ABOUT THIS EXERCISE: Without the images, set down each entry exactly.

EXTRACTED DATA:
%%

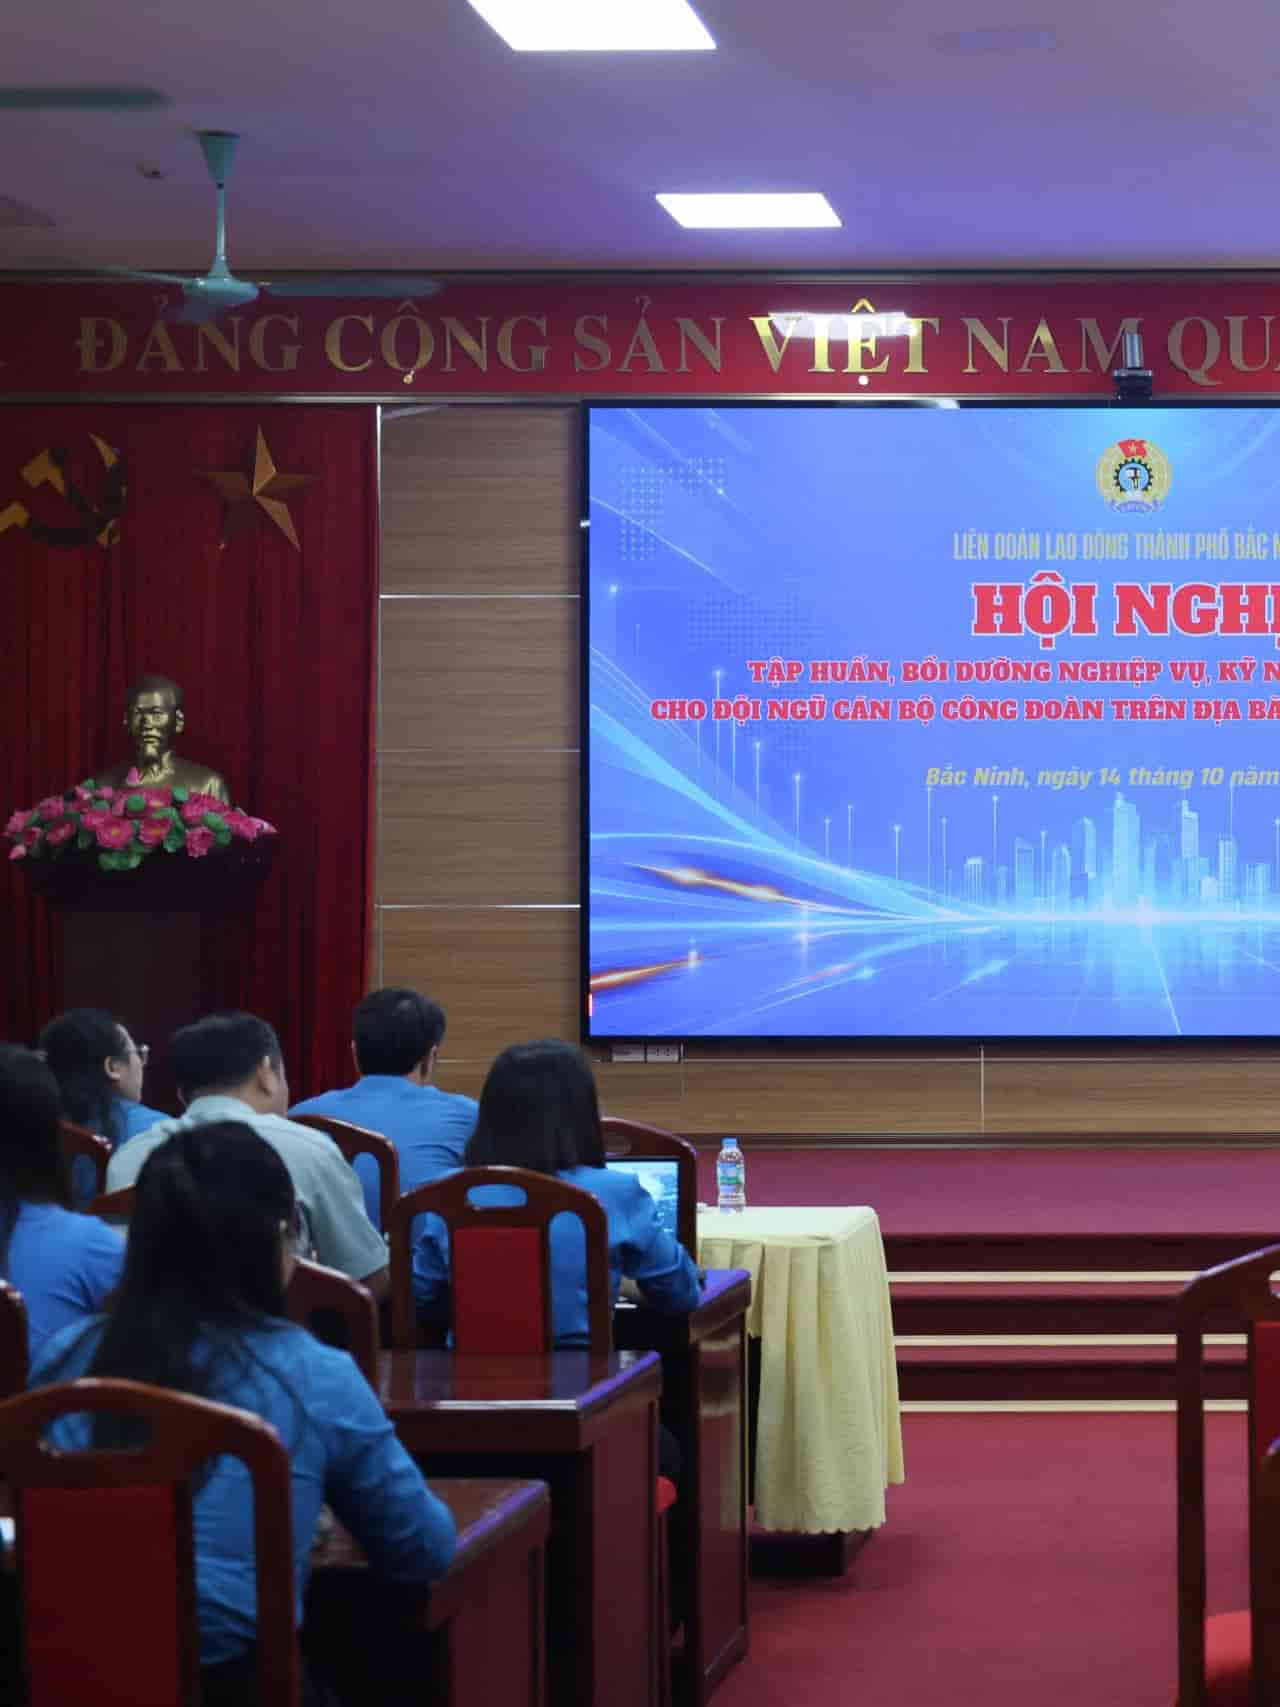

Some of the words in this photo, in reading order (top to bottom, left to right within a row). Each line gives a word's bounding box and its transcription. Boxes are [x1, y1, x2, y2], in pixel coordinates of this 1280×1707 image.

[75, 295, 303, 372] ĐẢNG
[324, 299, 550, 384] CỘNG
[573, 295, 728, 374] SẢN
[749, 298, 940, 386] VIỆT
[961, 317, 1145, 374] NAM
[953, 528, 988, 561] LIÊN
[1045, 532, 1077, 561] LAO
[1136, 527, 1190, 561] THÀNH
[971, 570, 1098, 650] HỘI
[748, 656, 803, 688] TẬP
[809, 653, 895, 688] HUẤN,
[955, 656, 1052, 682] DƯỠNG
[1058, 656, 1163, 688] NGHIỆP
[1168, 660, 1212, 688] VỤ,
[1217, 656, 1257, 682] KỸ
[651, 698, 706, 720] CHO
[712, 694, 762, 726] ĐỘI
[767, 694, 827, 720] NGŨ
[832, 695, 891, 720] CÁN
[898, 695, 936, 726] BỘ
[942, 695, 1018, 720] CÔNG
[1023, 696, 1105, 720] ĐOÀN
[1111, 695, 1187, 720] TRÊN
[1192, 698, 1242, 726] ĐỊA
[925, 763, 967, 785] Bắc
[973, 766, 1031, 789] Ninh,
[1037, 766, 1092, 790] ngày
[1099, 767, 1121, 785] 14
[1128, 766, 1194, 790] tháng
[1201, 768, 1225, 785] 10
[1231, 764, 1280, 785] năm

%%

SOLUTION:
Some of the words in this photo, in reading order (top to bottom, left to right within a row). Each line gives a word's bounding box and its transcription. Boxes are [x1, y1, x2, y2], in pixel coordinates of this 1280×1707 image.

[75, 295, 303, 372] ĐẢNG
[324, 299, 550, 384] CỘNG
[573, 295, 728, 374] SẢN
[749, 298, 940, 386] VIỆT
[961, 317, 1145, 374] NAM
[953, 528, 988, 561] LIÊN
[1045, 532, 1077, 561] LAO
[1136, 527, 1190, 561] THÀNH
[971, 570, 1098, 650] HỘI
[748, 656, 803, 688] TẬP
[809, 653, 895, 688] HUẤN,
[955, 656, 1052, 682] DƯỠNG
[1058, 656, 1163, 688] NGHIỆP
[1168, 660, 1212, 688] VỤ,
[1217, 656, 1257, 682] KỸ
[651, 698, 706, 720] CHO
[712, 694, 762, 726] ĐỘI
[767, 694, 827, 720] NGŨ
[832, 695, 891, 720] CÁN
[898, 695, 936, 726] BỘ
[942, 695, 1018, 720] CÔNG
[1023, 696, 1105, 720] ĐOÀN
[1111, 695, 1187, 720] TRÊN
[1192, 698, 1242, 726] ĐỊA
[925, 763, 967, 785] Bắc
[973, 766, 1031, 789] Ninh,
[1037, 766, 1092, 790] ngày
[1099, 767, 1121, 785] 14
[1128, 766, 1194, 790] tháng
[1201, 768, 1225, 785] 10
[1231, 764, 1280, 785] năm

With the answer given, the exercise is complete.